Bug description
When adding a document to ChromaVectorStore
, a NullPointerException
is thrown if the add was successful. The document ends up in Chroma, but application is left to handle the NPE.
When a document is successfully added, the body of the response is simply null
(I've confirmed this by using curl
to POST documents to the upsert endpoint). But the code at https://github.com/habuma/spring-ai/blob/main/vector-stores/spring-ai-chroma/src/main/java/org/springframework/ai/chroma/ChromaApi.java#L309-L315 tries to bind that to a Boolean
, but then it returns null
to the caller which then tries to use it as a Boolean
value...then you get a NullPointerException
. More completely, here's the first few lines of the stack trace I got:
java.lang.NullPointerException: Cannot invoke "java.lang.Boolean.booleanValue()" because "success" is null
at org.springframework.ai.vectorsore.ChromaVectorStore.add(ChromaVectorStore.java:106) ~[spring-ai-chroma-store-0.8.0-SNAPSHOT.jar:0.8.0-SNAPSHOT]
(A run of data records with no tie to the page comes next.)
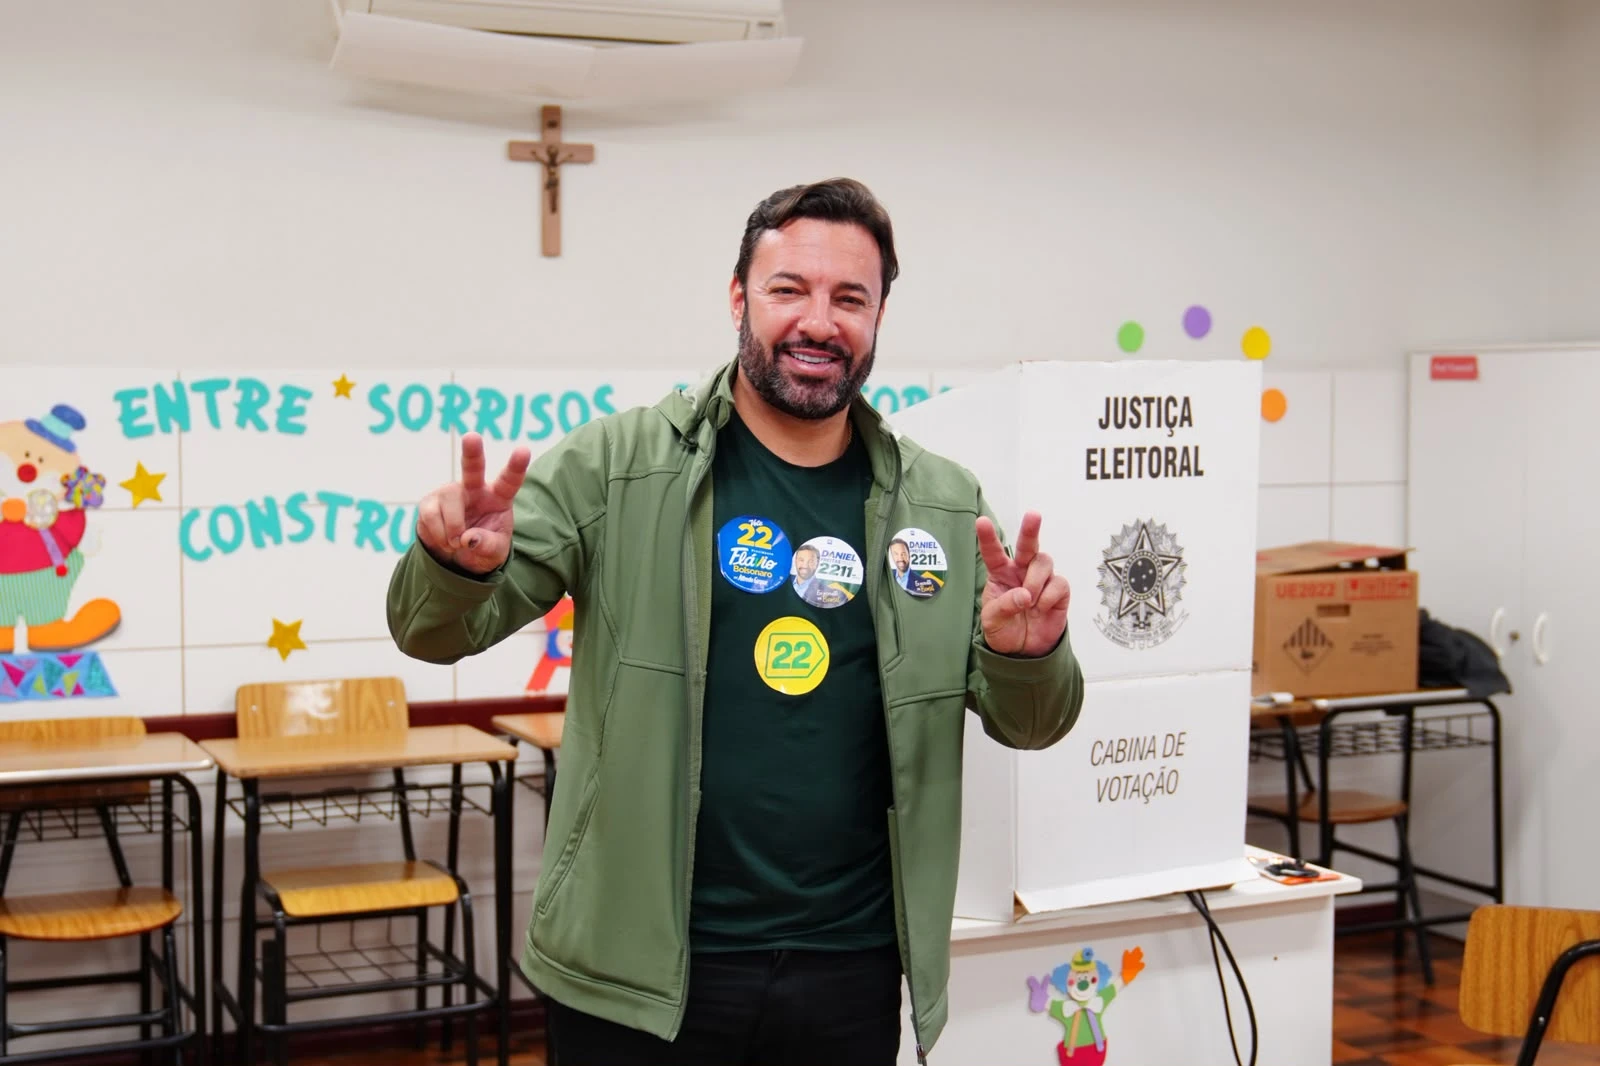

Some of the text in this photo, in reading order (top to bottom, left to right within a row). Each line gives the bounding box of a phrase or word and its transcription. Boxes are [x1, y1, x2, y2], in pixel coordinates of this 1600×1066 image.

[113, 377, 313, 439] ENTRE
[1098, 395, 1193, 438] JUSTIÇA
[1085, 445, 1205, 480] ELEITORAL
[737, 523, 773, 550] 22
[909, 541, 938, 549] DANIEL
[821, 550, 857, 562] DANIEL
[910, 553, 937, 566] 2211
[732, 565, 773, 578] Bolsonaro
[817, 562, 854, 578] 2211
[1275, 582, 1336, 599] UE2022
[772, 641, 812, 669] 22
[1090, 731, 1187, 766] CABINA DE
[1097, 766, 1179, 804] VOTAÇÃO
at com.example.aichat.UploadController.upload(UploadController.java:49) ~[classes/:na]
I also suspect that it will throw a different exception (possibly ClassCastException
) if the addition fails, although I've not recreated that case. If the document add fails, you get a JSON error structure back...something like: {"error":"IndexError('list index out of range')"}
. I suspect that will fail because it won't be able to parse that JSON into a Boolean.
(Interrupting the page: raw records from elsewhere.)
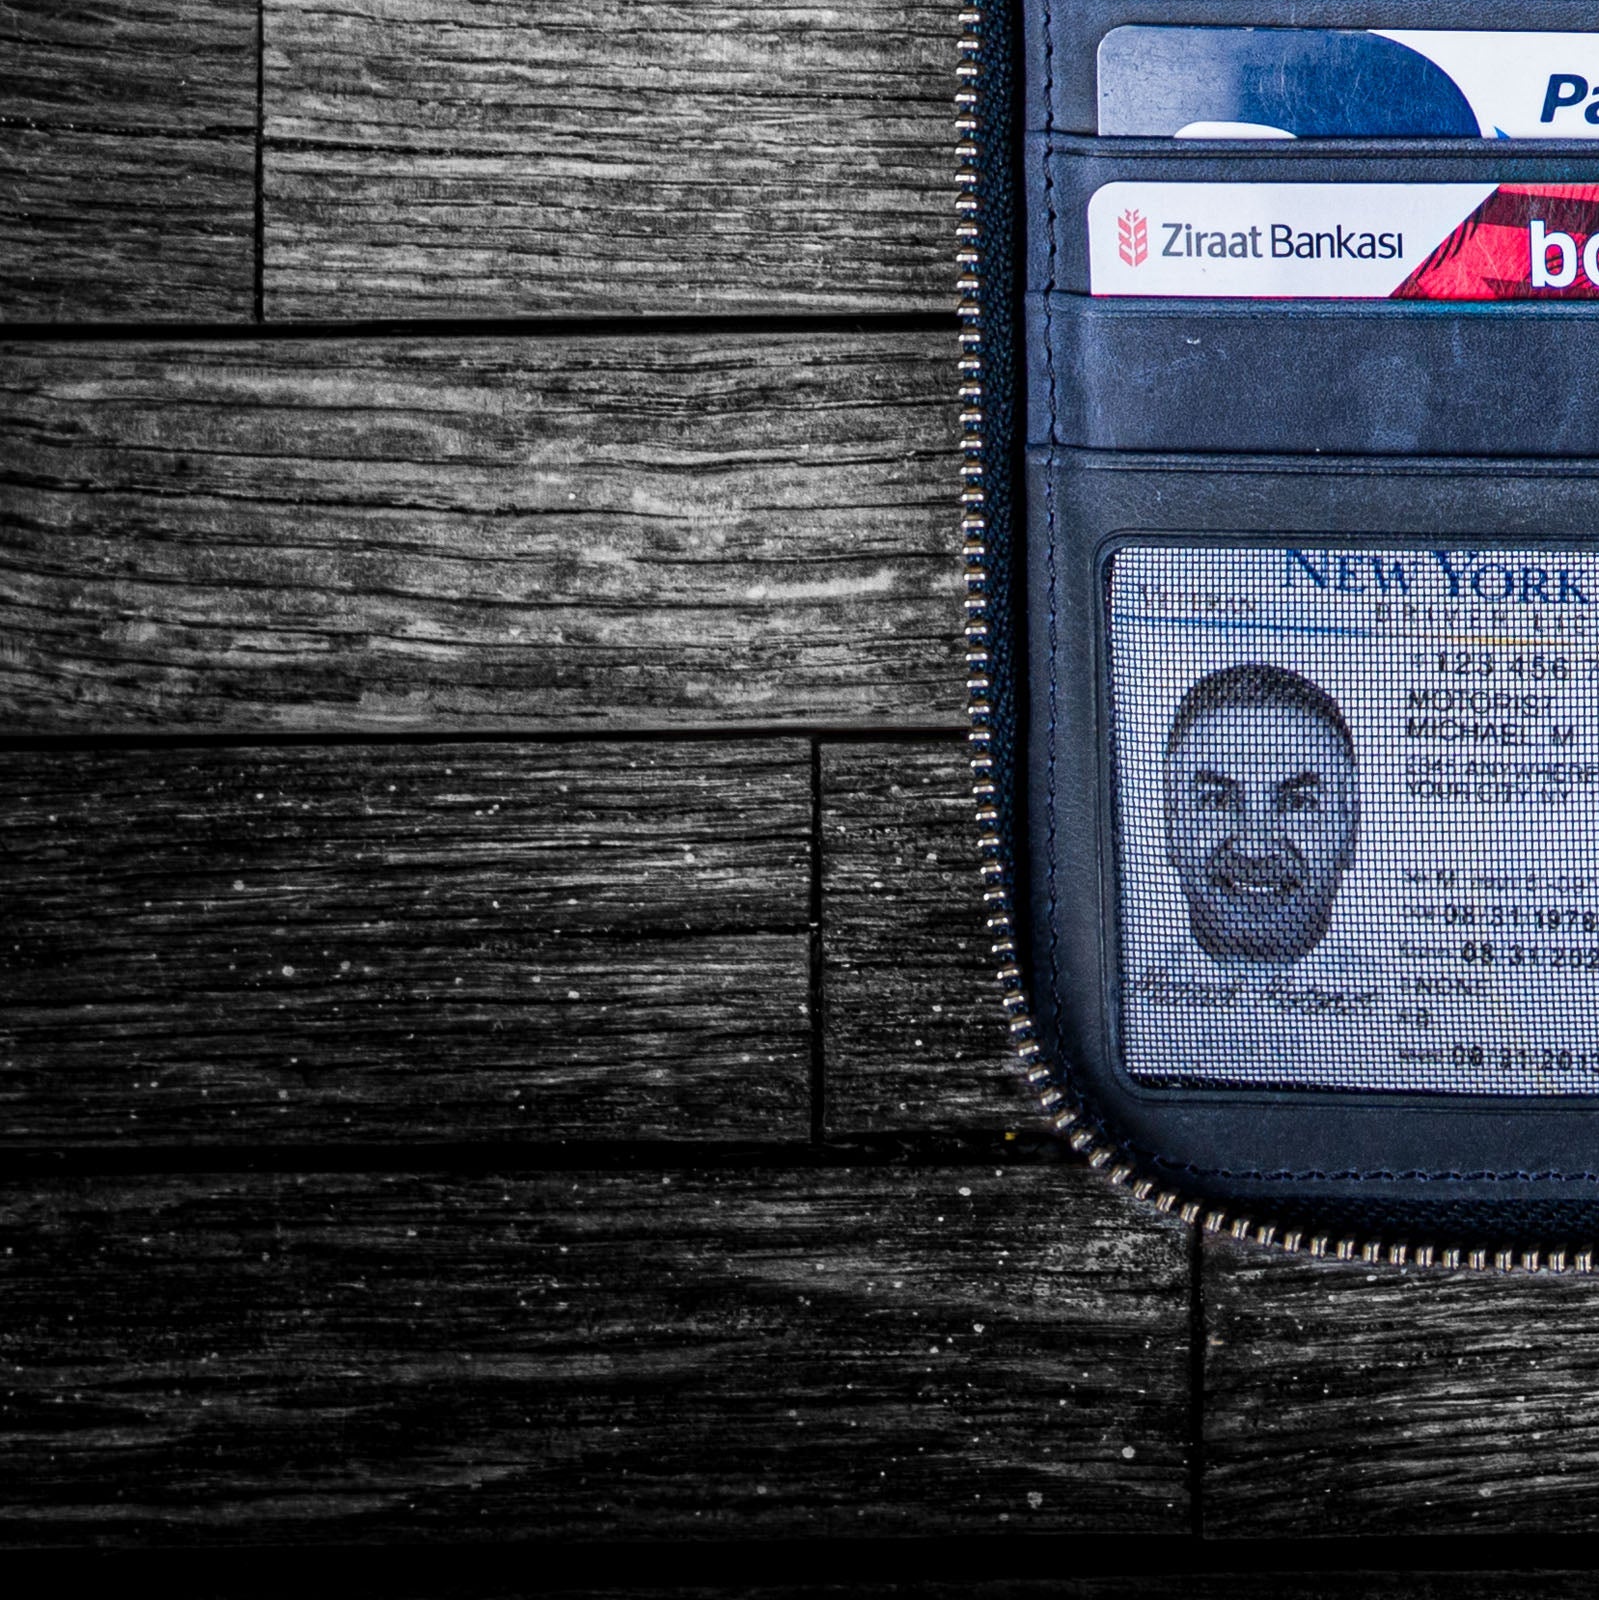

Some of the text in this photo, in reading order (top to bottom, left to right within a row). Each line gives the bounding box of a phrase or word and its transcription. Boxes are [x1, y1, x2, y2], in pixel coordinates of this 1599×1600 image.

[1160, 221, 1404, 260] Ziraat Bankası
[1283, 549, 1414, 595] NEW
[1435, 549, 1589, 605] YORK
[1438, 652, 1494, 677] 123
[1512, 655, 1569, 680] 456
[1407, 689, 1554, 716] MOTORIST
[1406, 718, 1576, 747] MICHAEL M
Environment Spring AI version 0.8.0-SNAPSHOT
Steps to reproduce
Simply call the add()
method on ChromaVectorStore
.
Expected behavior
If the document add is successful, the method should not throw any exception. If it is unsuccessful, it should throw a RuntimeException
, as described in the code.
Comment From: tzolov
@habuma, By specification the upsert
endpoint is expected to return a boolean: https://docs.trychroma.com/js_reference/Collection#returns-8
Furthermore the existing IT is successfully verifying this behaviour: https://github.com/spring-projects/spring-ai/blob/2f891243501d77bdd620d27419c2f0e07dfa0db5/vector-stores/spring-ai-chroma/src/test/java/org/springframework/ai/chroma/ChromaApiIT.java#L88-L90
So I'm puzzled by the statement?
(I've confirmed this by using curl to POST documents to the upsert endpoint) Could it be that we are running different Chroma version (the ITs are based on the chroma:0.4.15)?
Comment From: habuma
I'm running 0.4.22. (Started by Spring Boot's Docker Compose support via a docker-compose.yaml).
I just now used curl
to POST a few broken JSON files to the upsert endpoint and get responses like this one:
{"error":"IndexError('list index out of range')"}
(In this case, I had two IDs, but only 1 document and 1 set of embeddings in the body.)
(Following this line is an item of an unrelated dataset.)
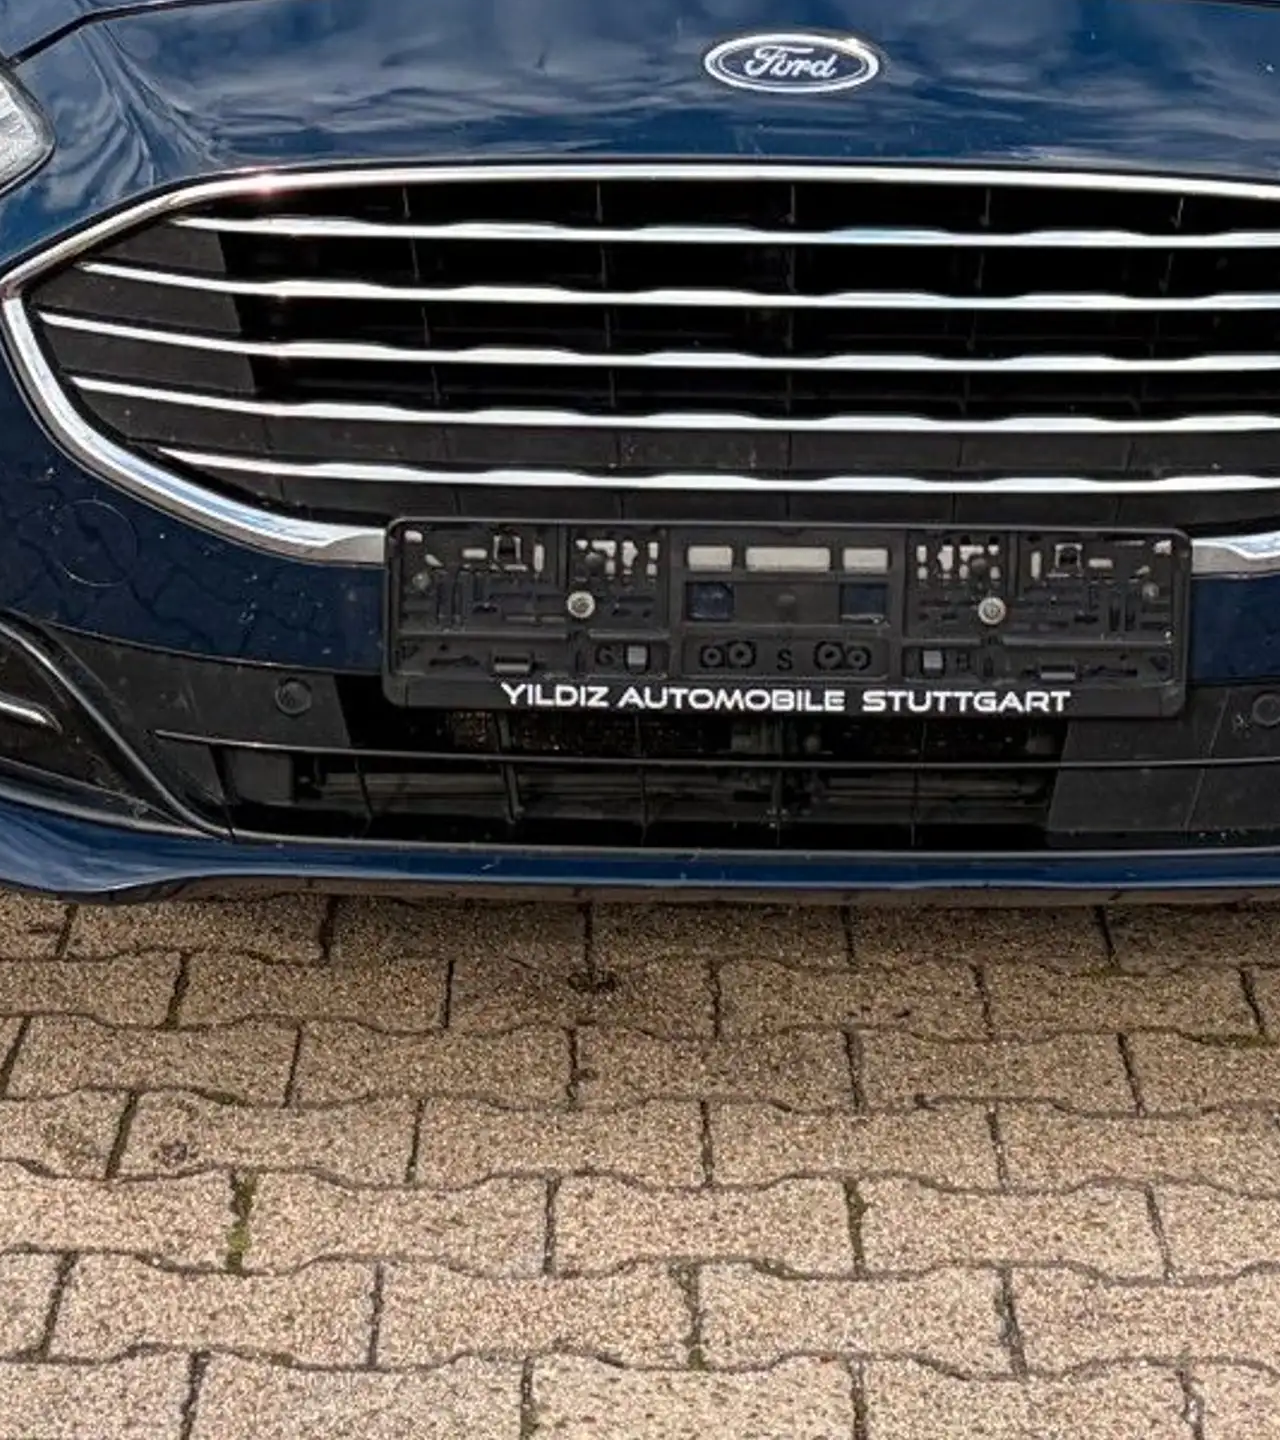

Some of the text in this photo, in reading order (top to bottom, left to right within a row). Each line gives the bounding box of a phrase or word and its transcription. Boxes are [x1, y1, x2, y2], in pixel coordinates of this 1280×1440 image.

[743, 44, 839, 78] Ford
[499, 682, 1072, 713] YILDIZ AUTOMOBILE STUTTGART
If there's a JSON error (e.g., a missing comma) I get a response like this:
{"detail":[{"type":"json_invalid","loc":["body",21],"msg":"JSON decode error","input":{},"ctx":{"error":"Expecting ',' delimiter"}}]}
But, if the body that I'm posting is correct and if the document is added successfully, I get this:
null
Per the Swagger documentation at http://localhost:8000/docs, the response for a success should be an any
. The response for a validation error should be a JSON response similar to what I show above for a JSON error. (The Swagger doc doesn't mention the other JSON response, but I can assure you that I get it.)
Moreover, what even led me to this was much higher level. I have the following code that exhibits what I'm seeing:
@Bean
ApplicationRunner go(VectorStore vectorStore) {
return args -> {
try {
vectorStore.add(List.of(new Document("99999", "Rich Purnell is a steely eyed missile man.", Map.of("test", "doc"))));
} catch (Exception e) {
System.err.println("Error adding documents: " + e);
// ignore errors because of problem with Chroma vector store
}
};
}
When run, I see this in the console:
Error adding documents: java.lang.NullPointerException: Cannot invoke "java.lang.Boolean.booleanValue()" because "success" is null
Comment From: habuma
Followup: I changed my docker-compose.yaml to force 0.4.15 and I do get true
when a document is successfully upserted. So, something changed between 0.4.15 and 0.4.22.
The comments on https://github.com/chroma-core/chroma/issues/1466 mention this behavior, saying it was introduced in 0.4.16 and suggesting that it is intentional, not a bug.
Comment From: tzolov
@habuma thanks for clarifying this. Maybe they did some breaking changes in the API. Will investigate further with the 0.4.22
Comment From: tzolov
@habuma i can confirm that Chroma has changed their API, so that the upsert
doesn't return boolean anymore.
Their JS client docs still claims that it is possible , but the Python counterpart suggest None as return value.
Also noticed another change in the getEmbedding as well. The where filter doesn't doesn't support the complex operators (like with the query) but only simple matches.
A fix for the above issues will follow shortly.